Learn to chill out. Learn to disconnect when you get home. Find hobbies that keep your mind off coding. A couple of months ago I got that coding fever. I threw myself into it full force to avoid some stuff I was dealing with. I worked late into the night and had a lot of fun doing it. Result? I burnt out hard. Your mind needs rest, and I’m sure I don’t need to tell you that. If your brain goes down for a few days, your body doesn’t hesitate to follow. Learn to keep a fine balance, as with everything you do in life. Go work out at a gym, or whatever works.
And as for staying motivated, well, hard to say. I’ve had a couple of days where I lost motivation, but it wasn’t crippling enough for me to give up. I haven’t yet got to a point where I have said that’s it. I guess that proves that if you don’t like what you do, it’s hard to stay motivated in general. Although, to be honest, necessity does play a big part. Same with survival, really. Eat or get eaten. I am aware that we live in a fallen world, one without much choice as to what part we play in the grand scheme of things, so if you’re in it to survive, sometimes that’s just enough to see you through, and your likes and dislikes be damned. And who knows, one day you might even grow to enjoy the challenge of what you do for a living.
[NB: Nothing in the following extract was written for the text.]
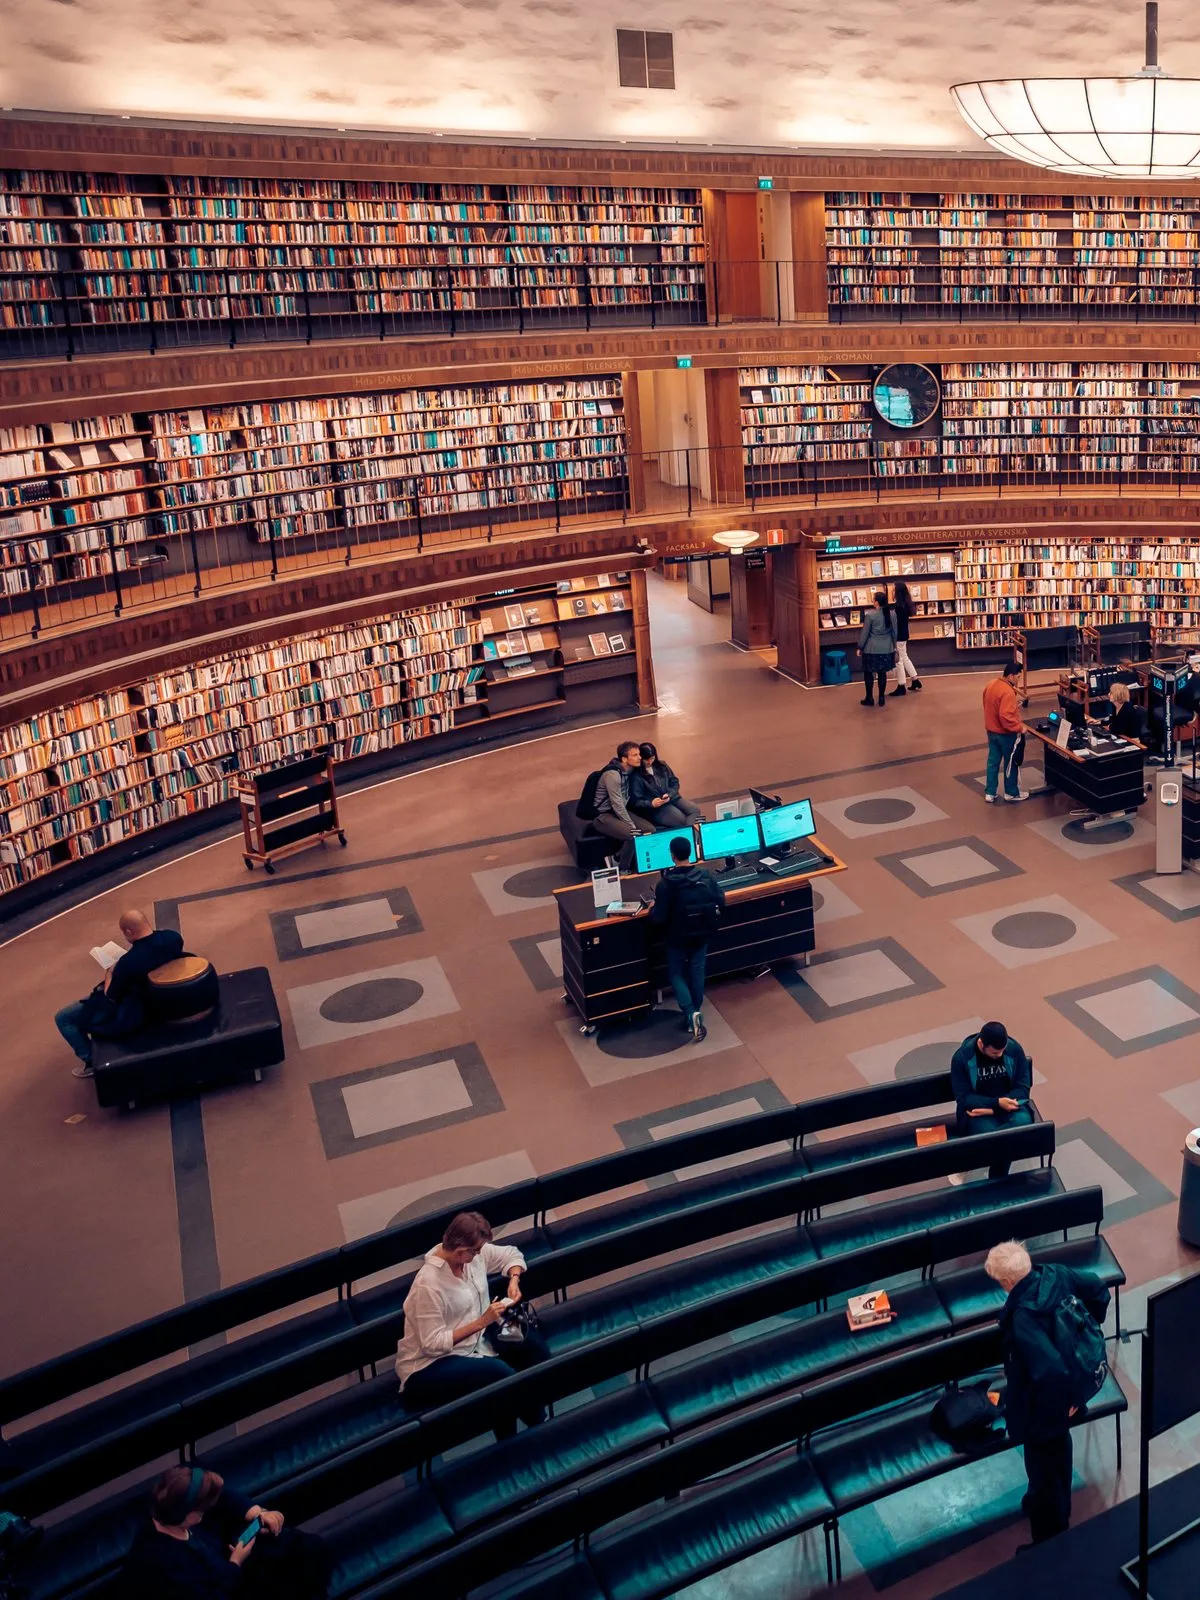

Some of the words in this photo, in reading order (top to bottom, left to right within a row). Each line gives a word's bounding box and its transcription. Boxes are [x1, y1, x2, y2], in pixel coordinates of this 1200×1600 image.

But the biggest thing (and I only realised how important this is recently) is fear. I’m scared of new ventures. Honestly, I procrastinate and admittedly try and avoid meddling with things I don’t yet understand as much as possible. You can see how stupid that is, right? In a job that teaches you something new every day, this can be quite hampering. This is something that I’m still trying to learn to get over, and what’s helped me so far is knowing that someone is there to pull me out of the quicksand. But when that isn’t enough, the only way to move forward is to confront your fear and dive headlong into what you’re doing. The biggest thing I find I have to do is prove myself to myself. No one else matters. If my inner critic isn’t satisfied, it doesn’t matter how satisfied everyone else is, it’s not a job well-done. Fear is a helluva thing.
On the other end of the spectrum, you’ve got confidence and competence. One thing that bolsters both is praise. Learn how to recognise it and take it to heart. When I’m praised I still don’t know how to react, but I will admit that it does quite a lot for my work ethic. The only difference between us adults and children, we think we’ve grown up. Doesn’t mean we’re still not hardwired like a kid. Sometimes the person whom we defer to praising us for good work means the world to us, and your gratitude means the world to them, too. It’s the circle of life.
So, dear readers, all this boils down to is keep your head, stop doubting yourself, do the best work you can, stay motivated and give yourself a break… sometimes. Stay focused. Stay patient. Stay afloat against all odds. Easy as that, right?